“Given that X happened, what’s the probability of Y?” This is conditional probability. Foundation of Bayesian thinking.

Definition

$$P(A|B) = \frac{P(A \cap B)}{P(B)}$$

Probability of A given B = probability of both / probability of B.

Conditional Probability

See the intuition: Conditional Probability Animation

Example

Deck of cards.

  • P(King) = 4/52
  • P(Face card) = 12/52
  • P(King | Face card) = ?

Given it’s a face card, what’s probability it’s a King? P(King | Face) = P(King and Face) / P(Face) = 4/52 / 12/52 = 4/12 = 1/3

Makes sense: 4 kings out of 12 face cards.

Chain rule

$$P(A \cap B) = P(A|B) \cdot P(B) = P(B|A) \cdot P(A)$$

For multiple events: $$P(A, B, C) = P(A) \cdot P(B|A) \cdot P(C|A,B)$$

Autoregressive language models use this: $$P(w_1, w_2, …, w_n) = P(w_1) \cdot P(w_2|w_1) \cdot P(w_3|w_1,w_2) \cdots$$

Bayes’ theorem

The most important formula in probability:

$$P(A|B) = \frac{P(B|A) \cdot P(A)}{P(B)}$$

Flip conditional around. Update beliefs with evidence.

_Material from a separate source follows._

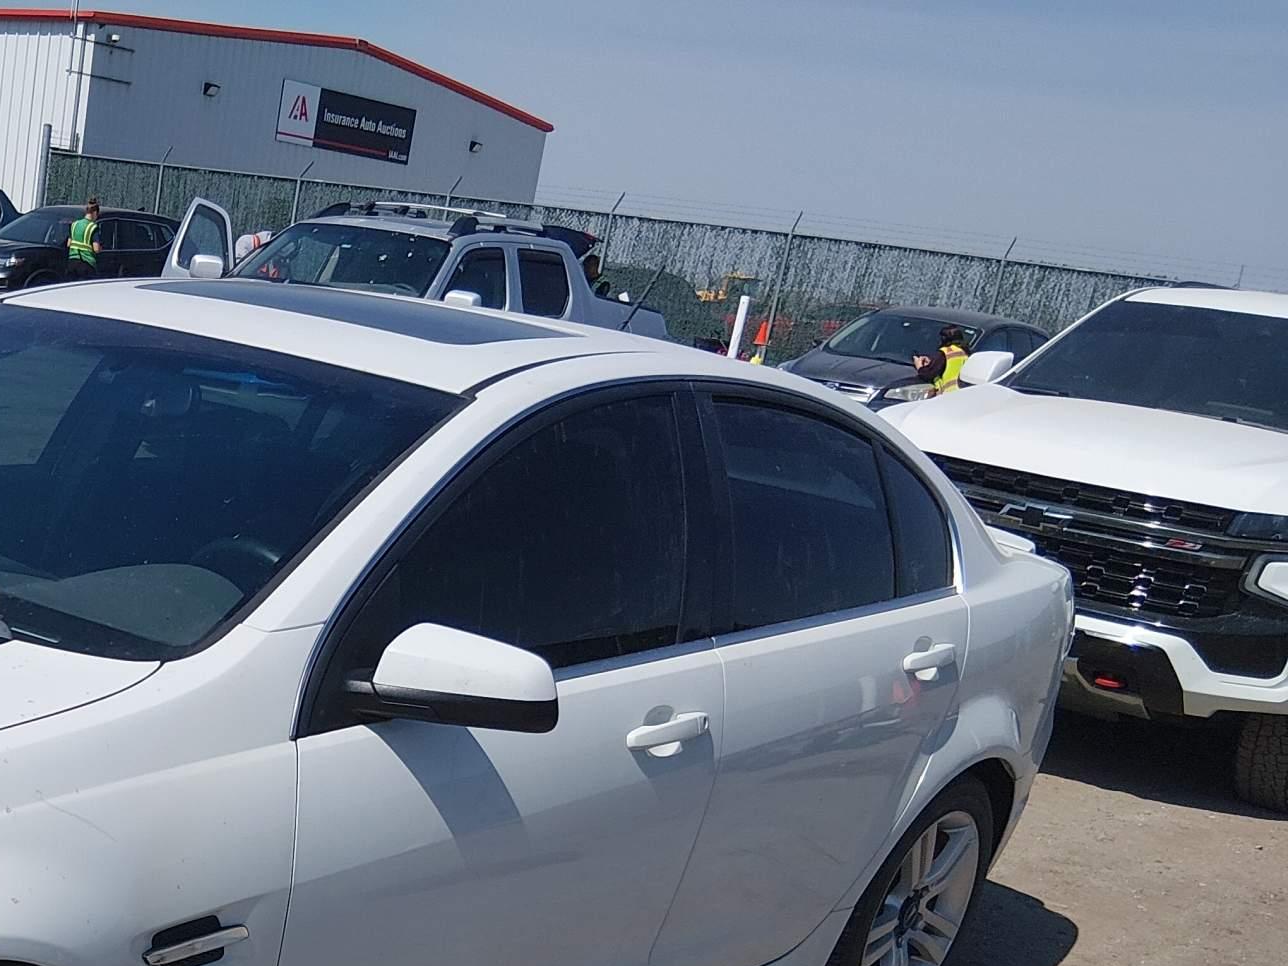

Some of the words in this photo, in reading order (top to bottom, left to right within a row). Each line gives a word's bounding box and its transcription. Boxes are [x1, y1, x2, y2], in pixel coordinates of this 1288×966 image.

[323, 108, 359, 129] Insurance
[359, 116, 376, 132] Auto
[376, 120, 407, 139] Auctions

  • P(A): prior (before seeing B)
  • P(A|B): posterior (after seeing B)
  • P(B|A): likelihood
  • P(B): evidence

Bayes example

Test for disease:

  • P(Disease) = 0.01 (1% have it)
  • P(Positive | Disease) = 0.99 (99% sensitivity)
  • P(Positive | No disease) = 0.05 (5% false positive)

Got positive result. What’s P(Disease | Positive)?

$$P(D|+) = \frac{P(+|D) \cdot P(D)}{P(+)}$$

$$P(+) = P(+|D)P(D) + P(+|\neg D)P(\neg D) = 0.99(0.01) + 0.05(0.99) = 0.0594$$

$$P(D|+) = \frac{0.99 \times 0.01}{0.0594} = 0.167$$

Only 16.7%! Base rate matters a lot.

Independence

A and B independent if: $$P(A|B) = P(A)$$

Equivalently: $$P(A \cap B) = P(A) \cdot P(B)$$

Knowing B tells you nothing about A.

Conditional independence

A and B conditionally independent given C: $$P(A|B,C) = P(A|C)$$

A and B aren’t independent, but if you know C, B adds nothing.

Used in graphical models. Markov property.

In machine learning

Naive Bayes: Assume features independent given class: $$P(y|x_1,…,x_n) \propto P(y) \prod_i P(x_i|y)$$

Language models: $$P(\text{next word} | \text{previous words})$$

Bayesian inference: Update model beliefs with data: $$P(\theta|\text{data}) \propto P(\text{data}|\theta) P(\theta)$$

Confusing cases

Simpson’s paradox: Relationship can reverse when conditioning on third variable.

Treatment works overall but appears to fail when you condition on hospital.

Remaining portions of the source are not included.